社員寮がない会社であれば、外国人本人は寮となる賃貸物件を探す必要がありますが、必要であれば契約手続き等の支援を行う必要があります。ちなみに住居の広さは寝室が1人あたり7.5㎡以上となるようにしなければなりません。
また、電気・ガス・水道の開通手続きもの支援も必要です。

生活オリエンテーション

特定技能人材の雇用を開始してから速やかに、次の項目を8時間以上掛けて説明しなければなりません。

・日本での生活に必要な一般知識(ATMの使い方、交通ルールなど)
・転入届など、国や市町村への手続き
・国や市町村の相談窓口
・近くの病院の場所
・急病の場合の対処法
・防災、防犯に関する知識
・入管法、労働法について

特に、市町村等への手続きは、同行するなどの支援をするよう法令で定められています。

日本語学習の機会の提供

・地域の日本語教室の情報提供
・日本語学習教材・オンライン講座の情報提供
・日本語教師との契約

のいずれかの情報提供をしなければなりません。

定期面談

3カ月に1回以上の頻度で、労働状況や生活状況を確認するための面談を行わなければなりません。面談は、特定技能人材が十分理解できる言語で行う必要もあります。

定期報告

こちらも3カ月に1回以上の頻度で、管轄する入国管理局に指定された様式に記入をし、直接持参もしくは郵送で報告をする必要があります。
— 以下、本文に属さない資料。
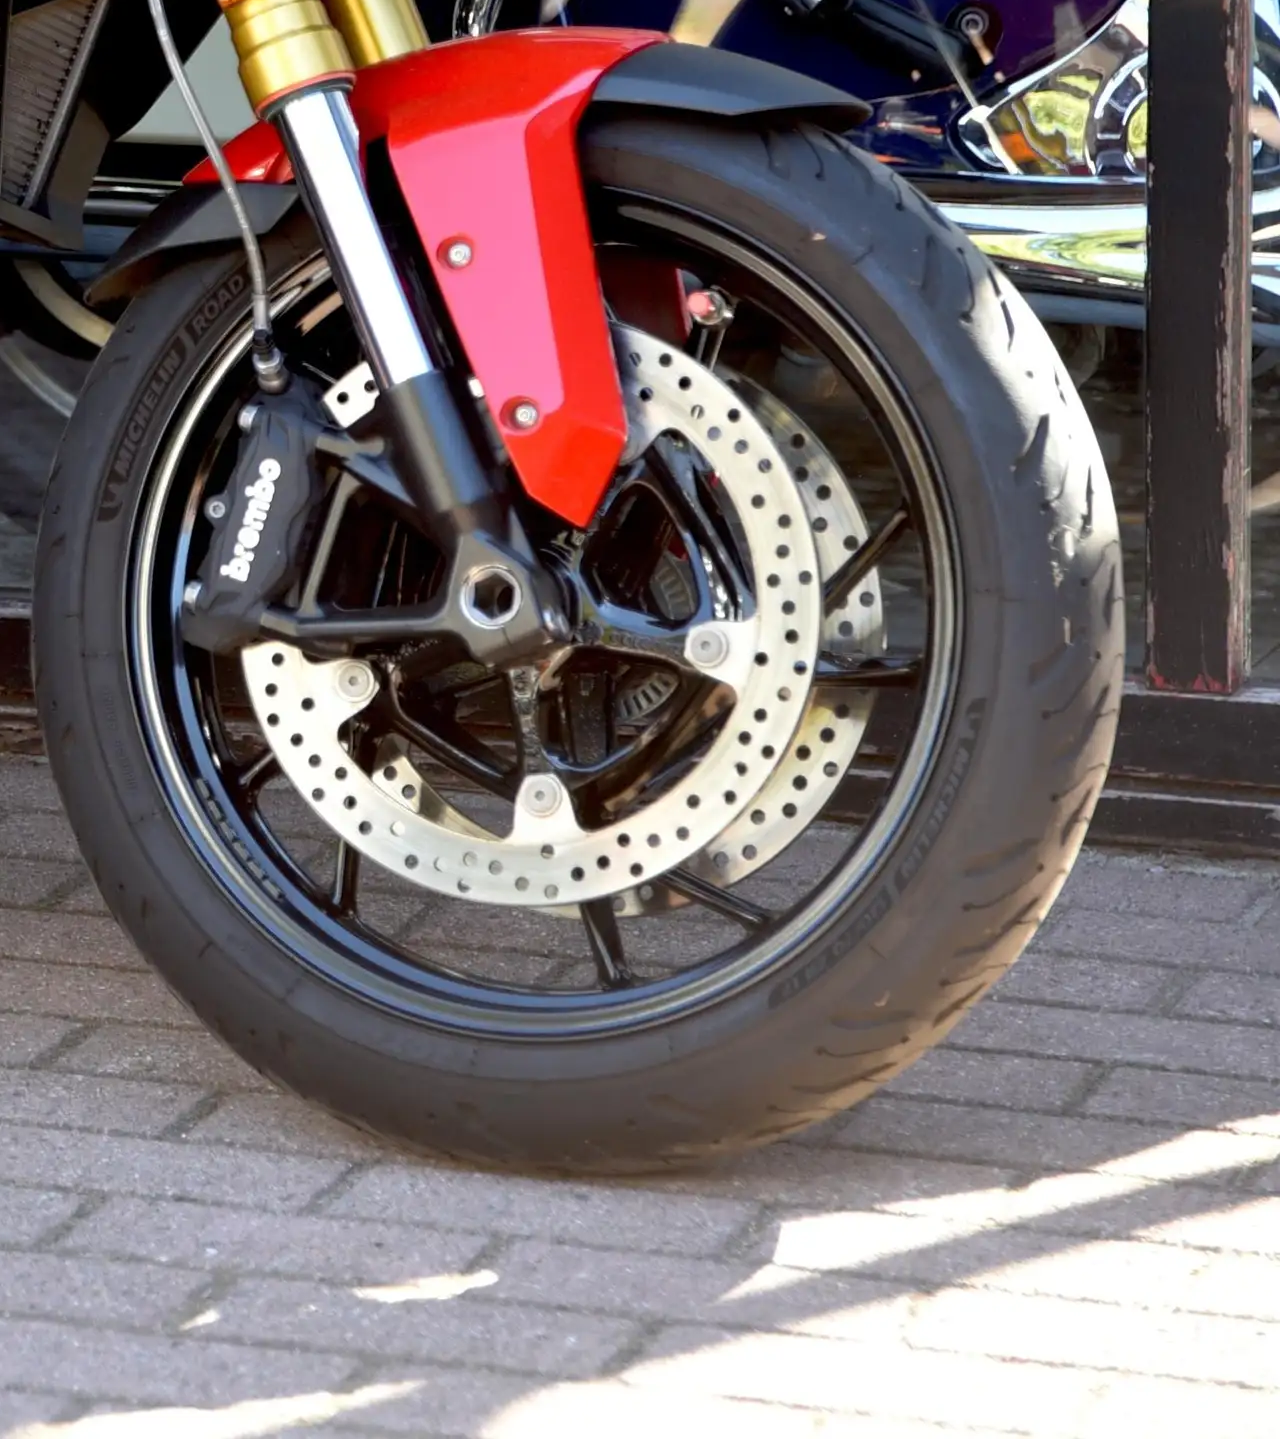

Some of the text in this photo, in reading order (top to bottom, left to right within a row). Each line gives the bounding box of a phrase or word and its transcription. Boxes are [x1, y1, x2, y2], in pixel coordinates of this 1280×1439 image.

通常時の定期報告の際に必要な様式はおもに下記の様式になります。

•参考様式第3-6号 受入れ状況に係る届出書

•参考様式第3-7号 支援実施状況に係る届出書

•参考様式第3-7号(別紙) 1号特定技能外国人支援対象者名簿

•参考様式第3-8号 活動状況に係る届出書

•参考様式第3-8号(別紙) 特定技能外国人に対する報酬の支払状況

•参考様式第5-4号 相談記録書

•参考様式第5-5号 定期面談報告書(1号特定技能外国人用)

•参考様式第5-6号 定期面談報告書(監督者用)

•参考様式第5-7号 報酬支払証明書 ※給与が現金支払いの場合のみ必要

出入国在留管理庁:特定技能運用要領・各種様式等

その他

ここまでに挙げたもの以外にも、特定技能人材から相談があった場合に対応することはもちろん、日本人との交流促進(地域の神社のお祭りにつれていくなど)であったり、万一リストラした場合でも転職先の紹介を行わなければなりません。
こういったことから、自己完結型での受入れは相当ハードルが高いと言えます。

「委託型」の条件

委託型で特定技能人材を受入れる場合には、これまでの外国人材受入れ実績や自社での支援体制はまったく必要ありません。すべて登録支援機関に委託すればOKです。

下記の記事で登録支援機関について説明しているので是非ご覧ください。

「委託型」で受入れるには

「委託型」で受入れるには、ここまで紹介してきたものをすべて登録支援機関に委託することができます。支援体制を整えておく必要も、支援計画を実行する必要もありません。ただ、毎月数万円/名程度の支援委託費を負担する必要があります。(業界平均は約2~3万円程度)
ただ、デメリットでも触れたように登録支援機関選びが難しく、どの登録支援機関に委託するかで人材の能力・サポートの質が大きく変わってきます。

まとめ

条件さえ満たしていれば、自己完結型と委託型のどちらを選択するのも受入企業の任意です。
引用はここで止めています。